Researching the far-reaching pathophysiological consequences of ischemic stroke
Ischemic stroke deprives the brain of sufficient blood flow, which prompts a series of neurotoxic and damaging events throughout the body. The resulting inflammation and cell death contribute to stroke being a leading cause of mortality and disability across the world.
New research led by Maria Balch, PhD, a postdoctoral scholar in the Department of Neurology at The Ohio State University College of Medicine, looks beyond the effects of stroke on the brain and into components of the neuromuscular system that are rendered dysfunctional after stroke.
Dr. Balch, who has a PhD in anatomy, says she approaches her work by viewing the body as a whole and suggests stroke is a systemic disease because everything is connected.
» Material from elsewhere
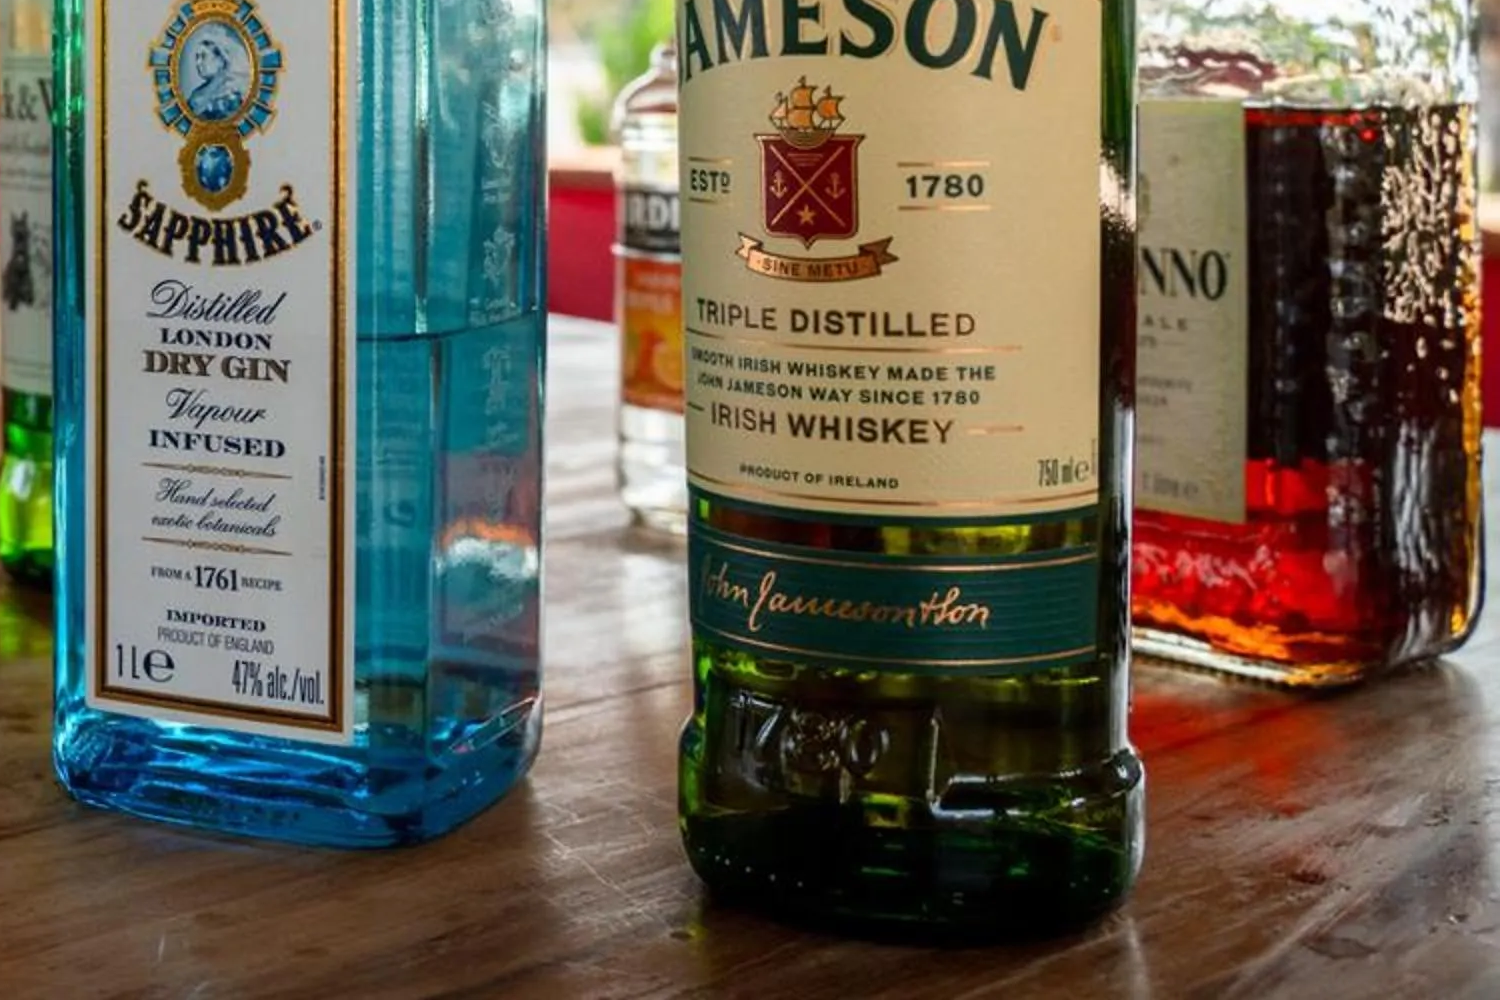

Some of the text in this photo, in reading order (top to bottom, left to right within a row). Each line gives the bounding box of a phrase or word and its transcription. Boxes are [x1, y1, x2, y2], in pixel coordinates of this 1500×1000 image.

“Stroke affects cardiovascular, endocrine, gastrointestinal, lymphoid, respiratory, urinary and musculoskeletal tissues,” Dr. Balch says. “When considering stroke disability, if we can figure out how to slow or stem neuromuscular effects and the consequential decline, we can improve functional recovery in stroke survivors.”
Considering most stroke victims require months and even years of rehabilitation and are often still left with disability, this research has the potential to influence the length and intensity of rehabilitation and recovery. Further, better understanding how motor neurons communicate with the muscular system — and how to remedy the associated disruption in communication after stroke — could impact the understanding of other age-related and genetic neuromuscular disorders and nervous system injuries.
Dr. Balch is a part of the Arnold Lab, a translational neuromuscular physiology team at the Ohio State College of Medicine. In animal models, researchers, led by W. David Arnold, MD, associate professor in the Department of Neurology at the Ohio State College of Medicine, have reverse-translated modalities from the clinic to study motor function across aging, injury and disease. They have developed and refined techniques for targeted investigation of motor unit integrity, muscle contractility and neuromuscular transmission.
For this recent study, Dr. Balch and her team used a rat model to define neuromuscular dysfunction following ischemic stroke. Specifically, they reported reduced muscle contractility and loss of motor unit connectivity in stroke-affected muscle. Dr. Balch also described novel alterations to morphology at the neuromuscular junction (NMJ), the synaptic point of communication between the nervous system and skeletal muscle. The team then examined whether robot-assisted mechanical therapy (RAMT), which was previously found to improve functional recovery in rats, offered therapeutic protection at the NMJ. Indeed, RAMT treatment protected against the stroke-induced NMJ changes.
Dr. Balch says that ongoing work will further examine the signaling mechanisms responsible for muscle changes after stroke and offer evidence-based methods to therapeutically improve neuromuscular function. This will also provide data to better inform guidelines on the type and timing of rehabilitation, as well as measures of muscle function that could be useful in determining progress in functional recovery. This is important because recent research suggests neuroplastic remodeling continues beyond one year post-stroke, the timepoint by which most rehabilitation has already stopped.
“You need evidence to prescribe or define protocols when it comes to the rehabilitation of motor function after stroke,” Dr. Balch says. “This work could establish mechanical physiotherapy as a potential adjunct to existing stroke rehabilitation recommendations.” It could also go a long way in expanding rehabilitation guidelines and improving the quality of patients’ lives. “If we can understand the peripheral effects of injury to the brain, which disrupts motor communication, we can better design interventions to rehabilitate the neuromuscular system and tailor rehabilitation accordingly.”